Long-term structural integrity is an important consideration for acellular nucleus replacements. Implanted hydrogels are usually susceptible to two types of degradation – hydrolytic and enzymatic. In this study, in vitro hydrolysis was examined. Results revealed that there was no noticeable change in shape and no significant difference in equilibrium moduli of CMC-MC hydrogels over a 12-week incubation period. The maintenance of structural stability by the CMC-MC hydrogels can be attributed to the high polymer content (6% (w/v) equivalent), robust redox-initiated crosslinking, and the hydrophobicity of MC (Nasatto et al., 2015). It should be noted that the unconfined compression tests to measure the equilibrium mechanical properties of the CMC-MC hydrogels do not adequately capture the non-linear behavior of the viscoelastic materials. However, the equilibrium states of the multi-ramp stress-relaxation tests can be approximated as linear in order to obtain the equilibrium Young’s moduli of the gels (as evidenced by R2 values of close to 0.95, which suggest a good linear fit of the data in the stress-strain curves). Although enzymatic degradation was not directly assessed in this study, CMC-MC should fare well in vivo considering that humans lack cellulase. This characteristic favors the longevity of implanted CMC-MC hydrogels. In this regard, cellulose-based materials possess a key advantage over many existing natural biopolymers (i.e., hyaluronic acid, collagen) being explored for NP tissue replacements. Nevertheless, in order to move closer to clinical translation, it would be necessary to perform degradation studies in an ex vivo motion segment model under more physiologic conditions (i.e., mechanical, biochemical). Aside from biomechanical outcome measures, hydrogel morphology could be evaluated using imaging techniques, and spectroscopic analytical methods could be employed to characterize the degradation products.

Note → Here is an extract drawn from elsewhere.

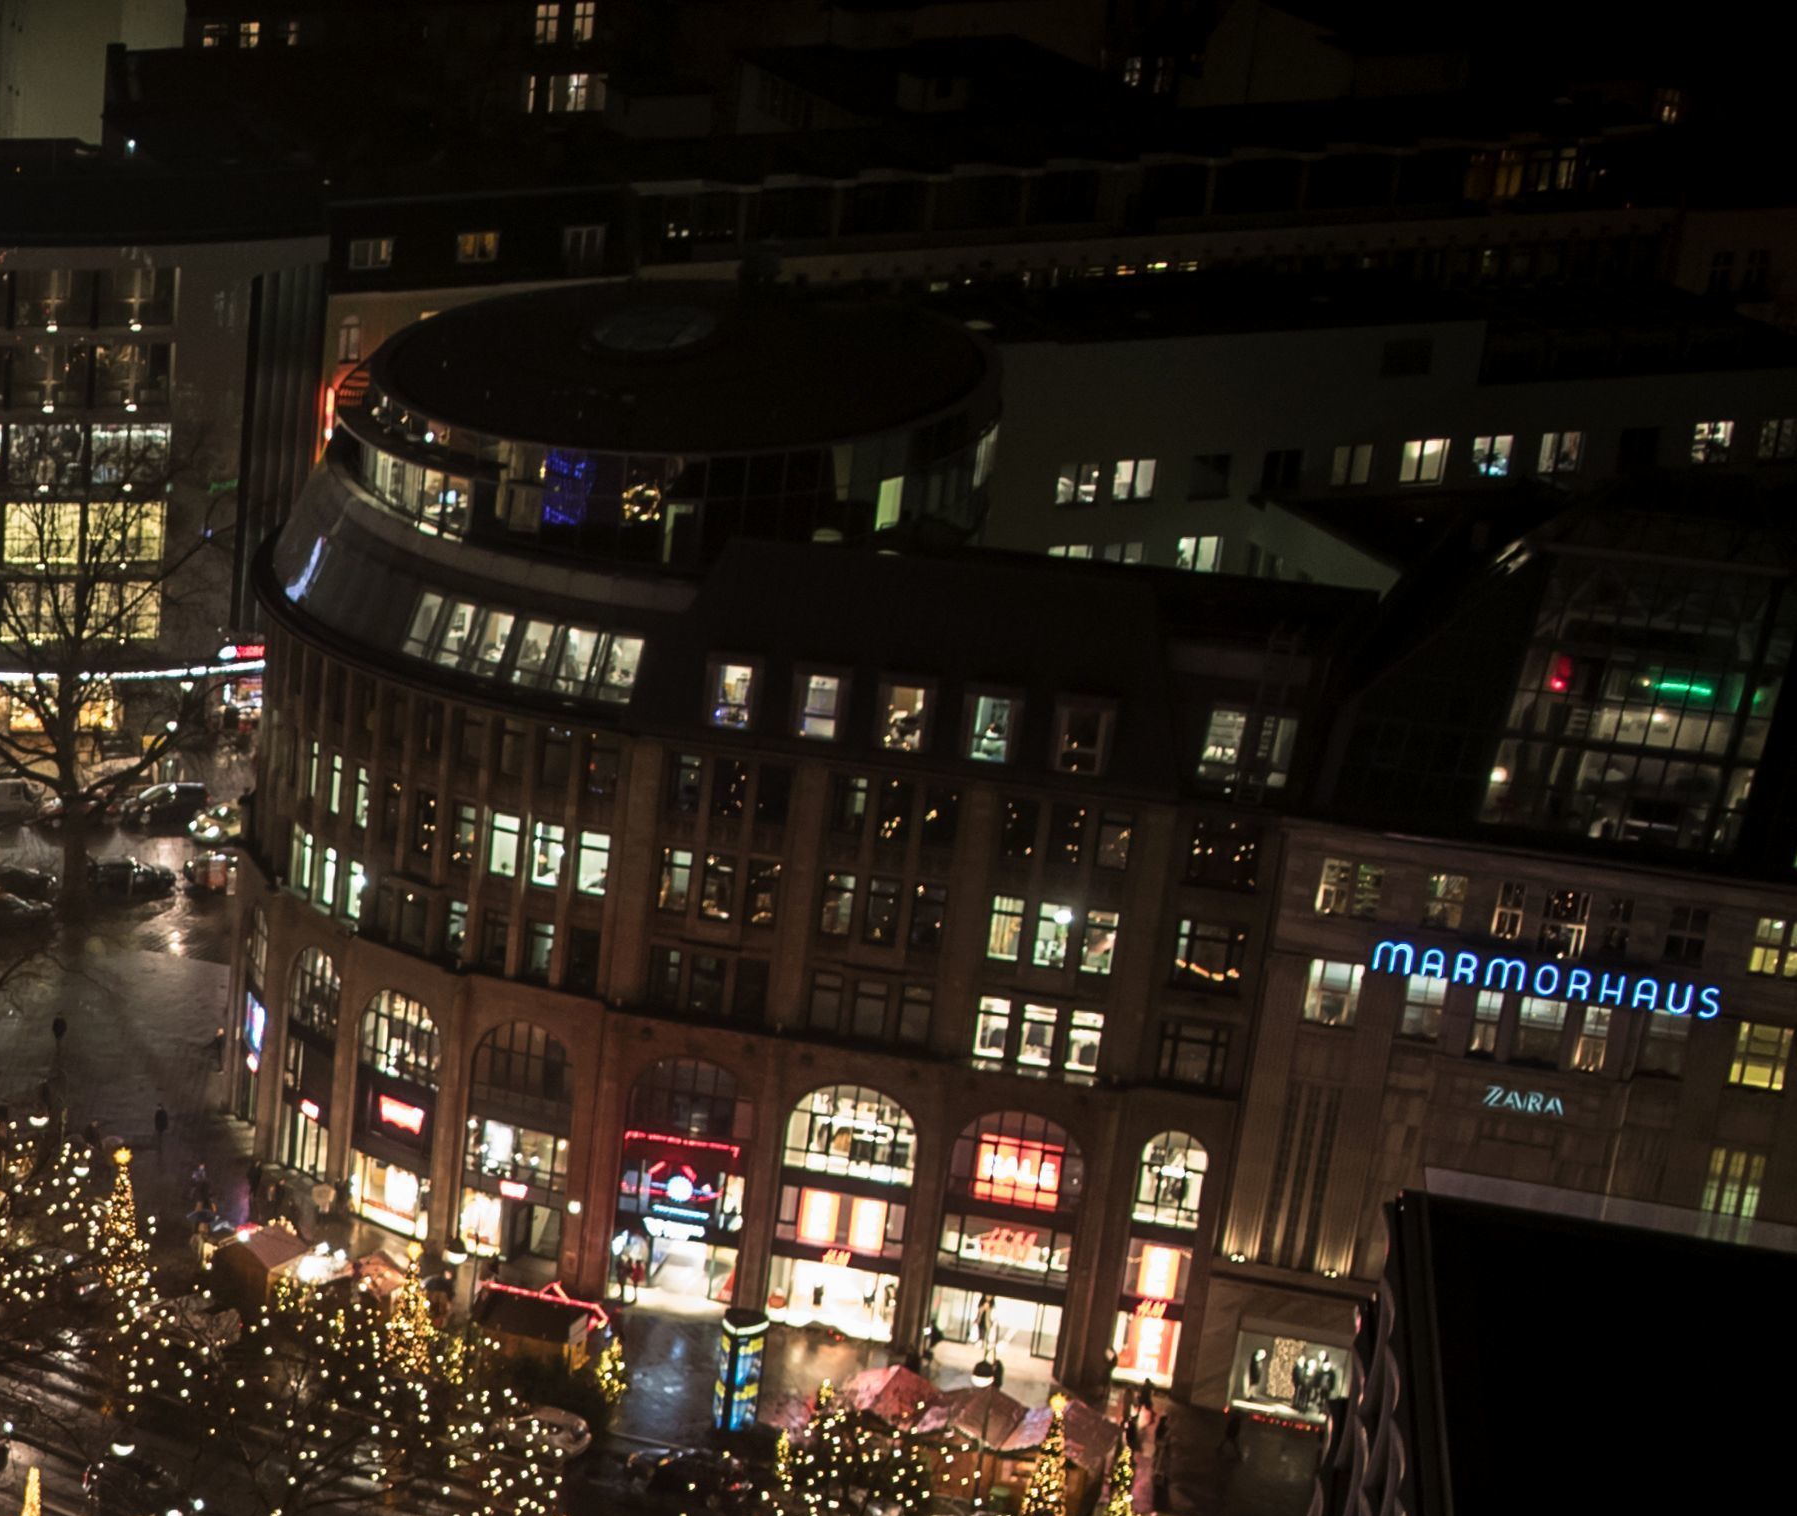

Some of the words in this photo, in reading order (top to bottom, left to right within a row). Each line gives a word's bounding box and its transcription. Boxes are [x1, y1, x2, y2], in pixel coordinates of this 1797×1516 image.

[1370, 939, 1724, 1022] MARMORHAUS
[1483, 1084, 1566, 1117] ZARA
[981, 1152, 1057, 1188] SALE

Selection of appropriate models for mechanical and biocompatibility testing is crucial. This study utilized a bovine motion segment model for the biomechanical assessments and a rat subcutaneous pouch model for evaluation of in vivo biocompatibility. Bovine motion segments are a suitable model choice for biomechanical evaluation of NP implants as their discs are large in size and possess properties comparable to human lumbar IVDs (Beckstein et al., 2008; Demers et al., 2004; O’Connell et al., 2007; Oshima et al., 1993; Showalter et al., 2012). Furthermore, they are easily obtainable and well-investigated in the disc field (Likhitpanichkul et al., 2014; Roberts et al., 2008; Walter et al., 2014). The experimental groups in the study were designed to mimic clinically-relevant scenarios. For example, the Injury group simulated the scenario of an AF injury with loose NP material that herniates under relatively low forces. The Nucleotomy group mimicked the current standard treatment of discectomy which removes all loose NP material without repairing the AF defect. The amount of NP removal generally varies case by case in the clinical setting, however, the amount removed in this study was maintained within the same range of 0.15 – 0.20 g in order to minimize variability and for comparison to other studies (Long et al., 2016a; Showalter et al., 2014). Moreover, this nucleotomy model produced losses in disc height comparable to values reported following clinical discectomy procedures (McGirt et al., 2009). It should also be acknowledged that since the amount of tissue removed is based on human clinical practice, the model likely represents a more extreme case given the difference in geometry between the human and bovine disc (O’Connell et al., 2007). For assessment of in vivo biocompatibility, the rat subcutaneous pouch model is a standard model for initial evaluation of biomaterial biocompatibility as it is simple, easily accessible, and inexpensive (ISO-10993–6, 2008; Kastellorizios et al., 2015; Onuki et al., 2008). The highly vascularized environment of the subcutaneous pouch is suitable for examining the biological response to implanted materials. Although this environment is different from the one where the NP replacement will be applied, the NP tissue is immune-privileged, and therefore, should result in a lesser degree of foreign body reaction (Raj, 2008; Risbud, 2014; Whatley and Wen, 2012).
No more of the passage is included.